そして、あの「健気モード」のスイッチを入れる。瞳に力を込め、ゆっくりと顔を上げる。
「……お願い、ルカ。わたくし、あなたの助けがないと、何も…」
わずか一瞬にして潤んだ瞳で、彼を見つめた。渾身の上目遣いだ。しかし、目の前の腹黒い従者は、眉一つ動かさなかった。それどころか、心底呆れたように、冷たい視線を私に返す。
「……僕に、それが通用すると、本気で?」
「思ってないわよ!!」
私は、一秒で聖女の仮面を剥ぎ取り、地に戻った。そして、カッと目を見開くと、彼に食ってかかる。

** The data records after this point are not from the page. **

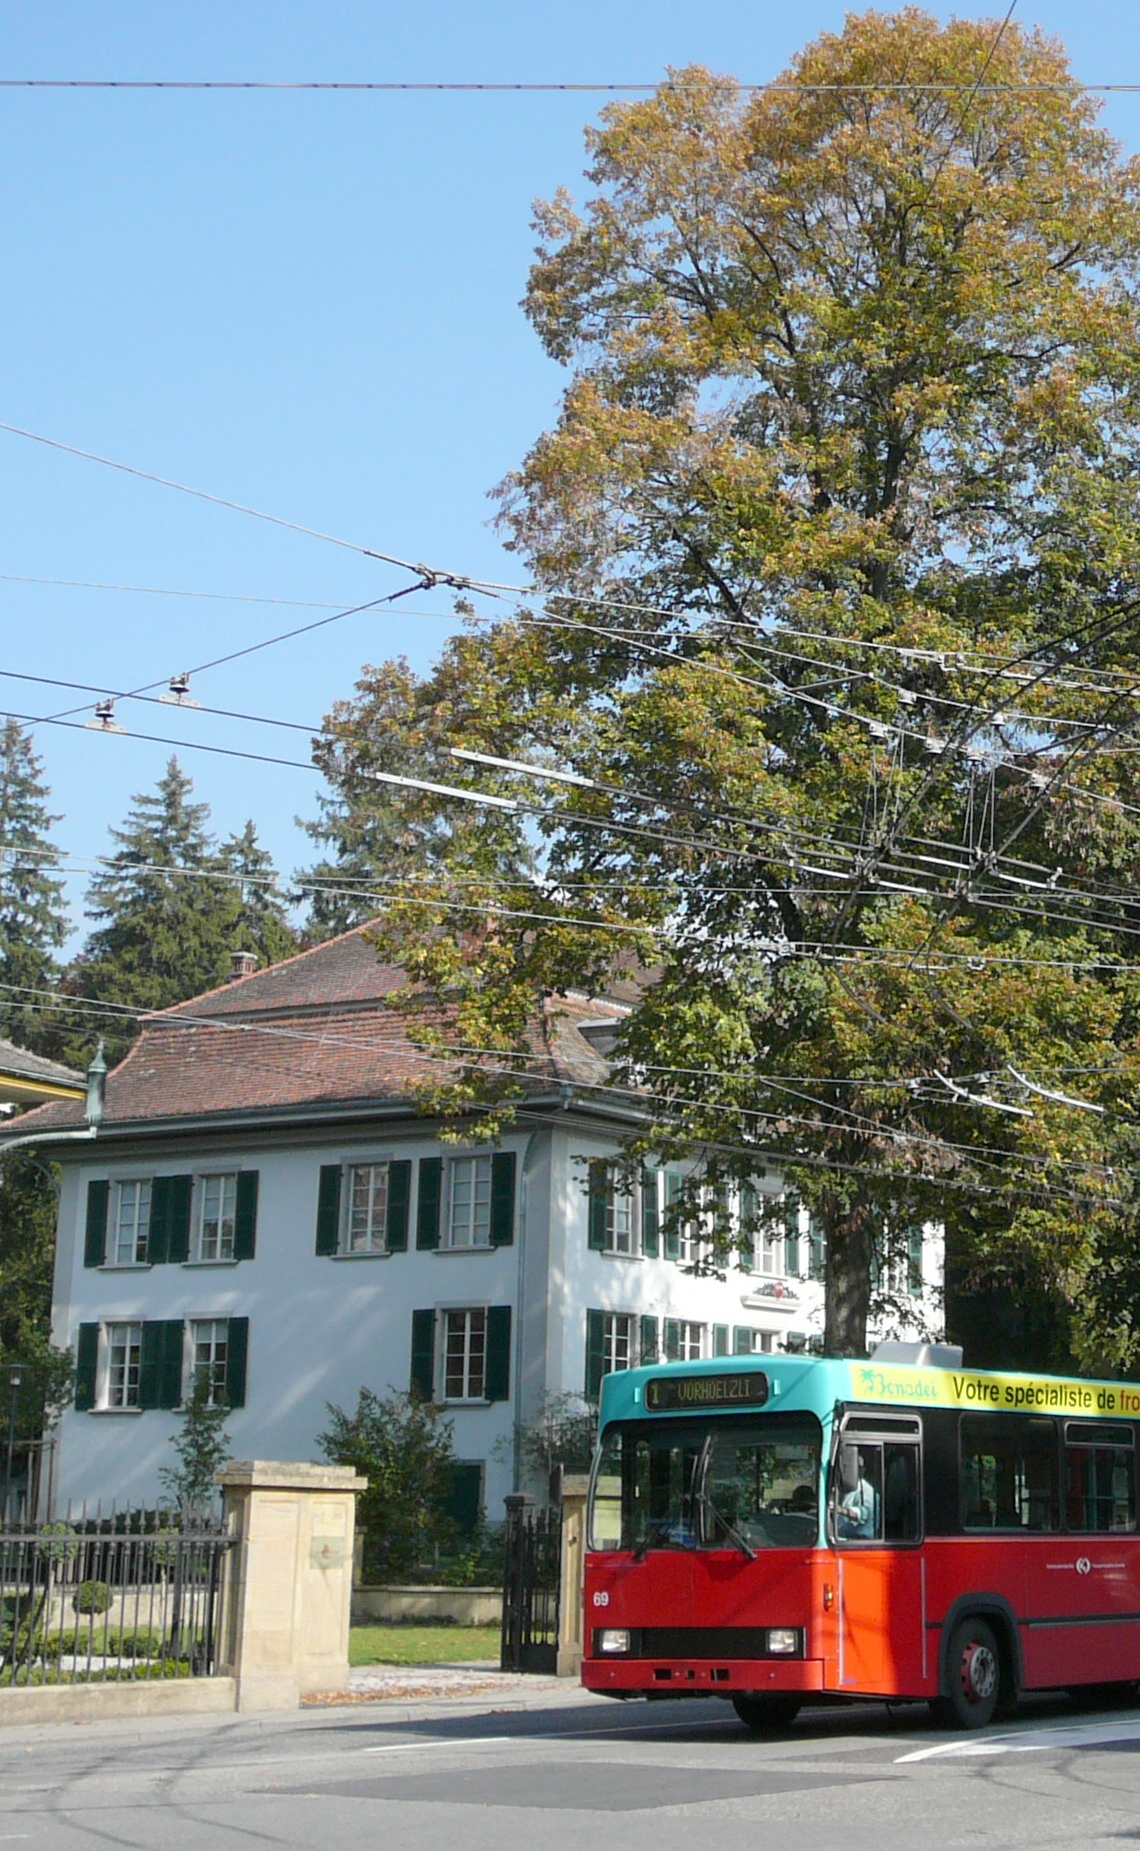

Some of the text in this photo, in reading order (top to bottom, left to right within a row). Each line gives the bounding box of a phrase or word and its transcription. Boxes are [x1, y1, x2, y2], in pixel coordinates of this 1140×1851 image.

[650, 1383, 660, 1404] 1
[953, 1377, 999, 1401] Votre
[1004, 1382, 1092, 1408] spécialiste
[1097, 1388, 1115, 1409] de
[593, 1591, 609, 1606] 69

「でも、今の私の武器は、これしかないんだもの! だからこそ、あなたの協力が必要なんでしょう!? あなたが言ったんじゃない!『男の攻略法を教える』って!!『史上最高の聖女に育て上げる』って!!」
そして、勢いのままに、彼の胸元をぐいと掴み上げる。
「全然通用しないじゃないの、ゼノンにも、あなたにも!!契約不履行だわ、責任は取ってもらうわよ!!」
もはや、完全に居直りだ。だが、その言葉が静かな部屋に響き渡った瞬間。
彼は、一瞬、本当に驚いたように、大きく目を見開いた。
いつも浮かべている、私をからかう時の意地の悪い笑みが完全に消え、その瞳はどこか不思議な色を湛えて、私を見つめている。
─── 時が、止まったかのような沈黙。
やがて、彼の口元に、見たことのない種類の笑みが浮かんだ。
少し困ったような、それでいて嬉しそうな…。そんな、何とも言えない複雑な微笑みだった。

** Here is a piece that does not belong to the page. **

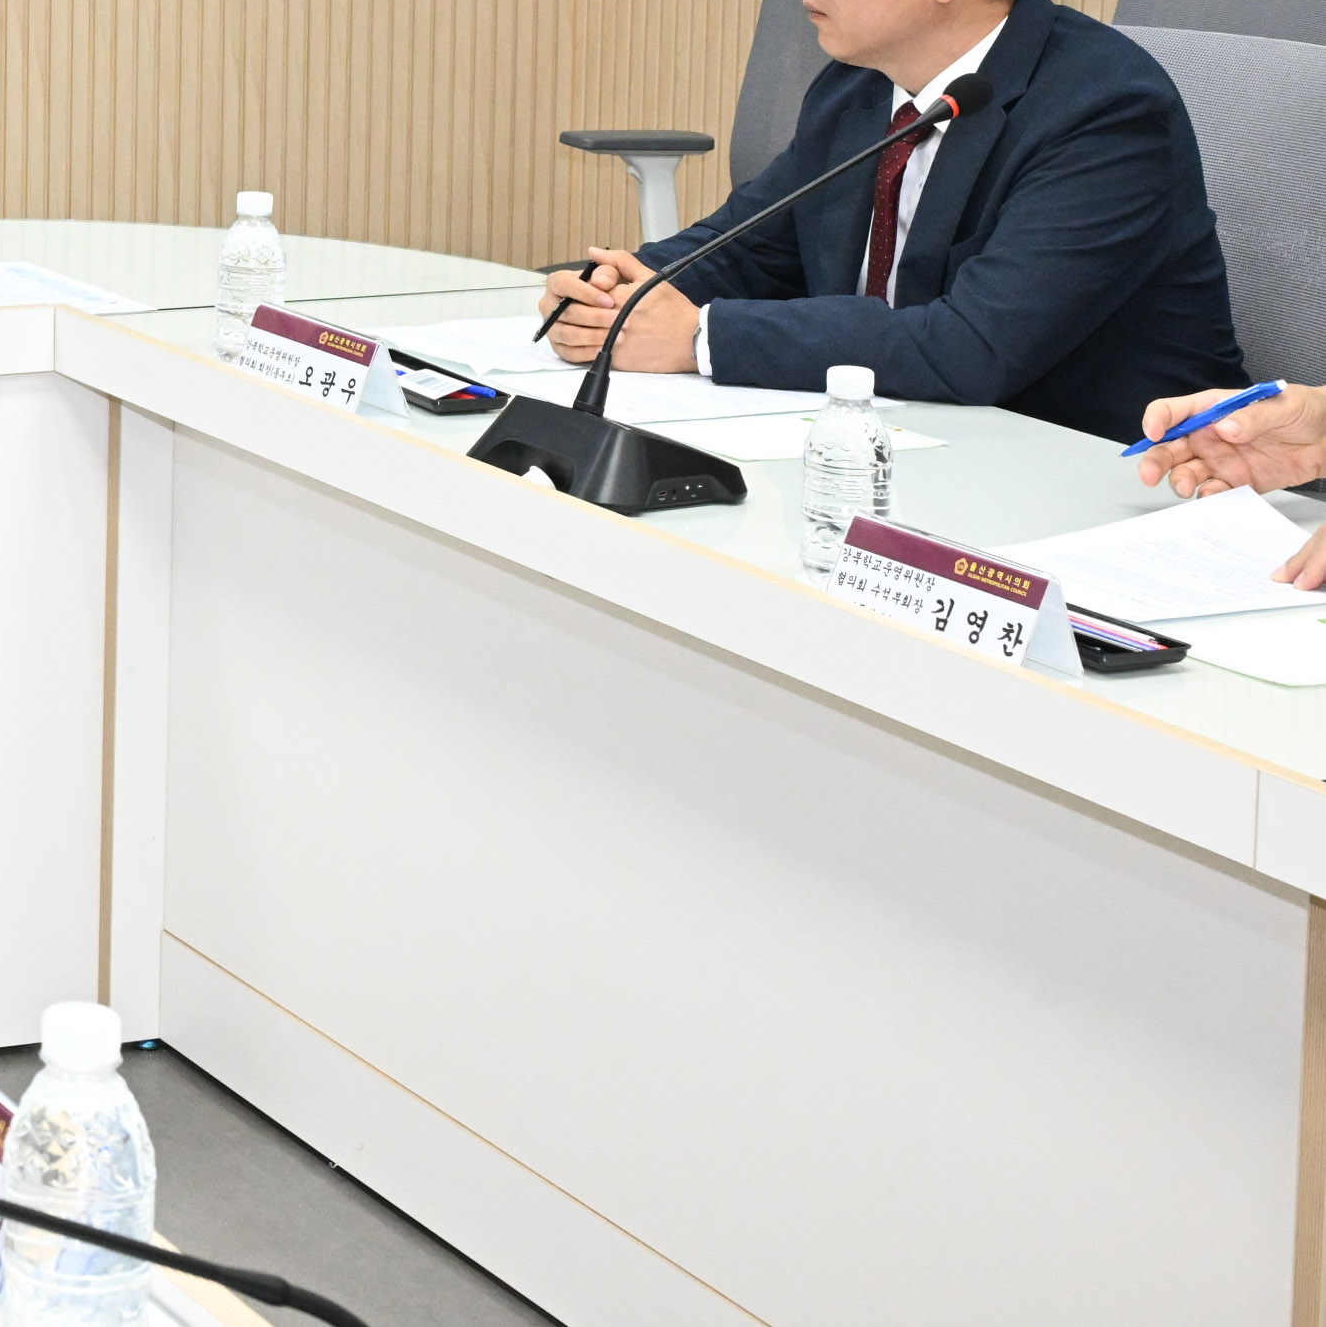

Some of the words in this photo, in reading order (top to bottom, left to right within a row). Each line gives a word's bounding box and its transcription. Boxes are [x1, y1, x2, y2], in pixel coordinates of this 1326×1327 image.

[837, 570, 868, 594] 협의회
[842, 547, 936, 592] 강북학교운영위원장
[969, 562, 1031, 591] 울산광역시의회

「……ええ。確かに、そう申しましたね。まさか、そう切り返されるとは。これは……参りました。僕の、完敗です」
その声は、先ほどまでの意地の悪さが嘘のように、穏やかだった。
彼は、胸ぐらを掴んだまま私の手に視線を落とすと、まるで壊れ物を扱うかのように、そっと、自身の手のひらを重ねた。
その優しい温もりが、私の固く握りしめた拳と心を、ゆるやかに解きほぐしていく。
「───かしこまりました、ヒメ。貴女の望む通りに」
すっかり力を失った私の指先を、その手の中に閉じ込めながら、彼は、真剣な光を宿した目で私を見据えて、宣言した。
「僕の全てを懸けて、貴女を『この国で最も厄介で、そして誰よりも魅力的な聖女』に、仕立て上げて差し上げましょう」
その眼差しに、私は、少しだけ居心地の悪さを感じながらも頷く。
「………ええ。お願いするわ」
私の返事を聞くと、彼は満足げに小さく微笑み──。
そして、約束だと言わんばかりに、繋いだままの私の指先に、恭しいキスを落とした。
────こうして、腹黒従者による、恋愛シミュレーションレッスン・第二幕が、高らかに幕を開けたのだった。